(Free-text object descriptions)
[Start of section]

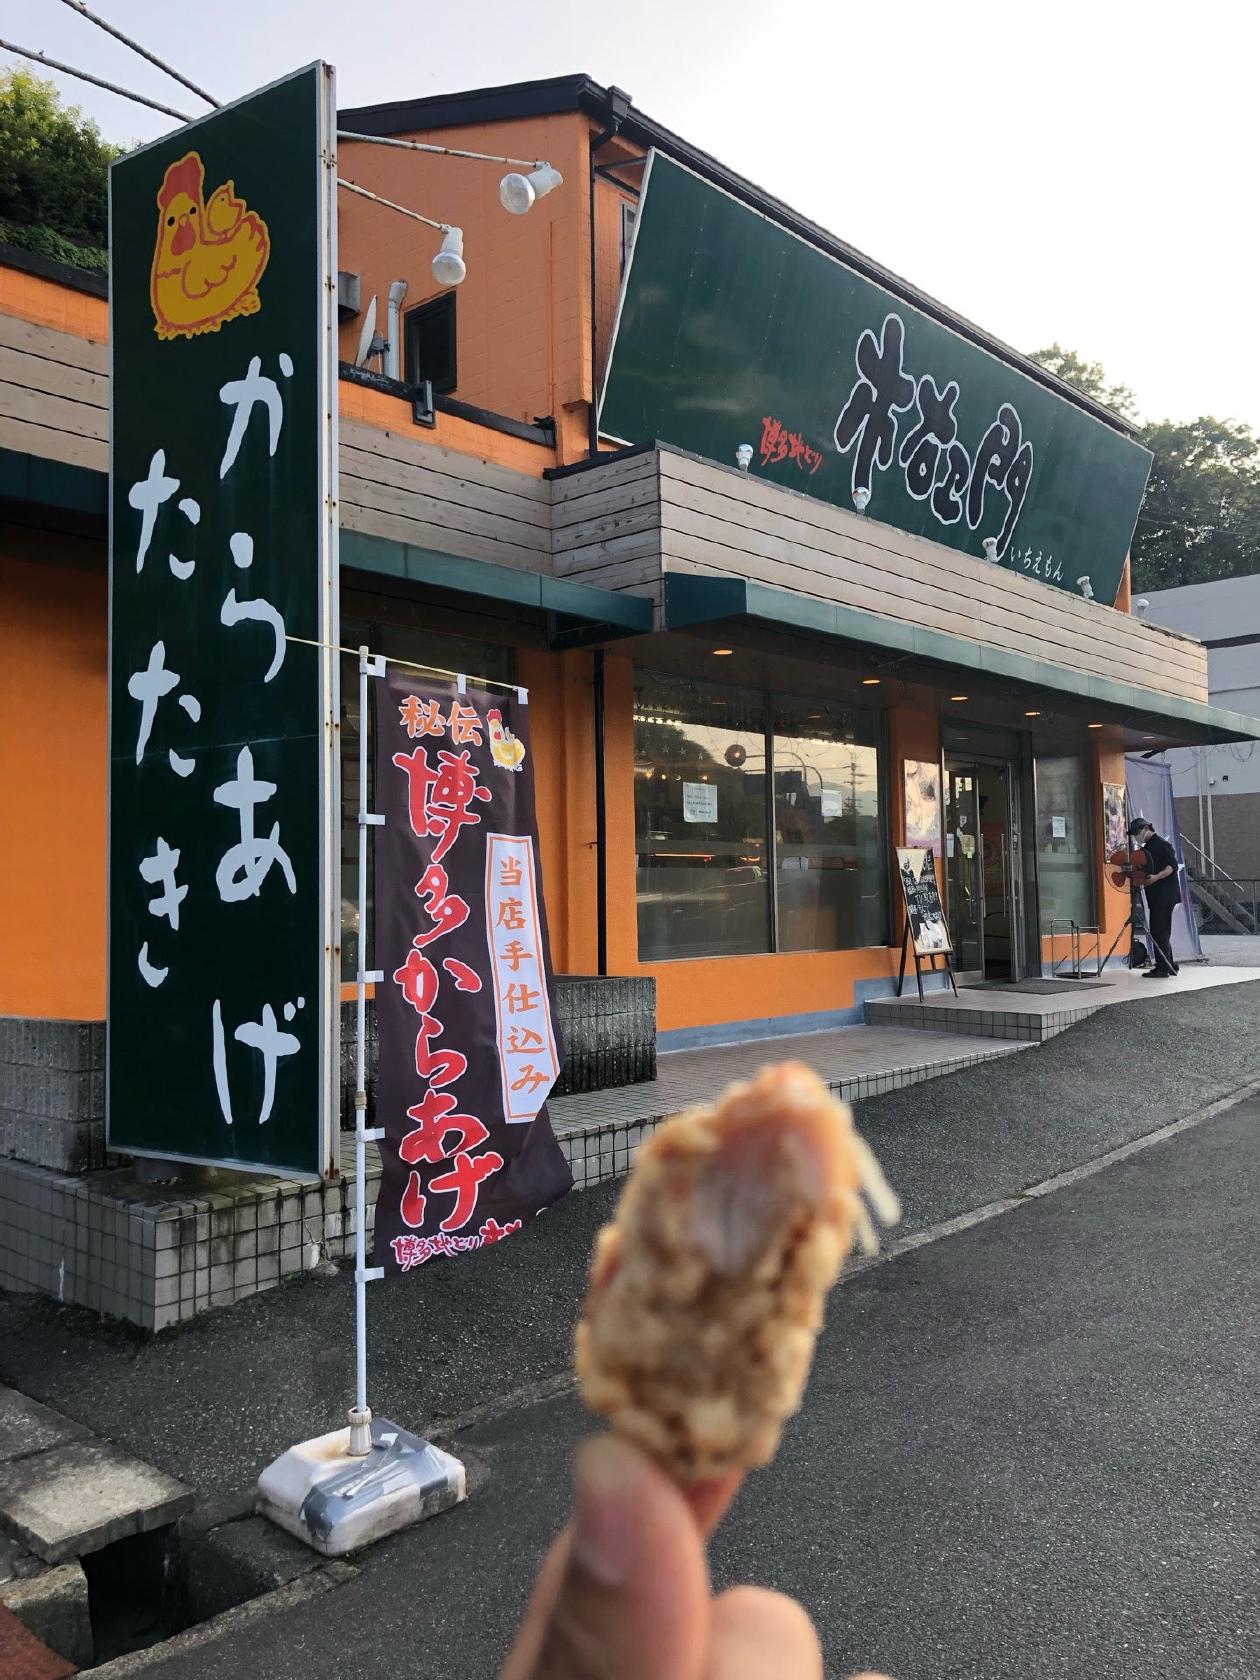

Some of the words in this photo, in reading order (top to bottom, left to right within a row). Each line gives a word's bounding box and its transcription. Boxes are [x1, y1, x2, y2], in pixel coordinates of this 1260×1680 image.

[128, 448, 201, 988] たたき
[212, 351, 305, 1124] からあげ
[398, 694, 483, 746] 秘伝
[1010, 546, 1064, 581] いちえもん
[392, 746, 504, 1231] 博多からあげ
[495, 855, 551, 1095] 当店手仕込み

[End of section]

§ ABOUT THIS TASK
Repeat every entry exactly. Do not include the pictures.

§ FINISHED EXERCISE
Some of the words in this photo, in reading order (top to bottom, left to right within a row). Each line gives a word's bounding box and its transcription. Boxes are [x1, y1, x2, y2], in pixel coordinates of this 1260×1680 image.

[128, 448, 201, 988] たたき
[212, 351, 305, 1124] からあげ
[398, 694, 483, 746] 秘伝
[1010, 546, 1064, 581] いちえもん
[392, 746, 504, 1231] 博多からあげ
[495, 855, 551, 1095] 当店手仕込み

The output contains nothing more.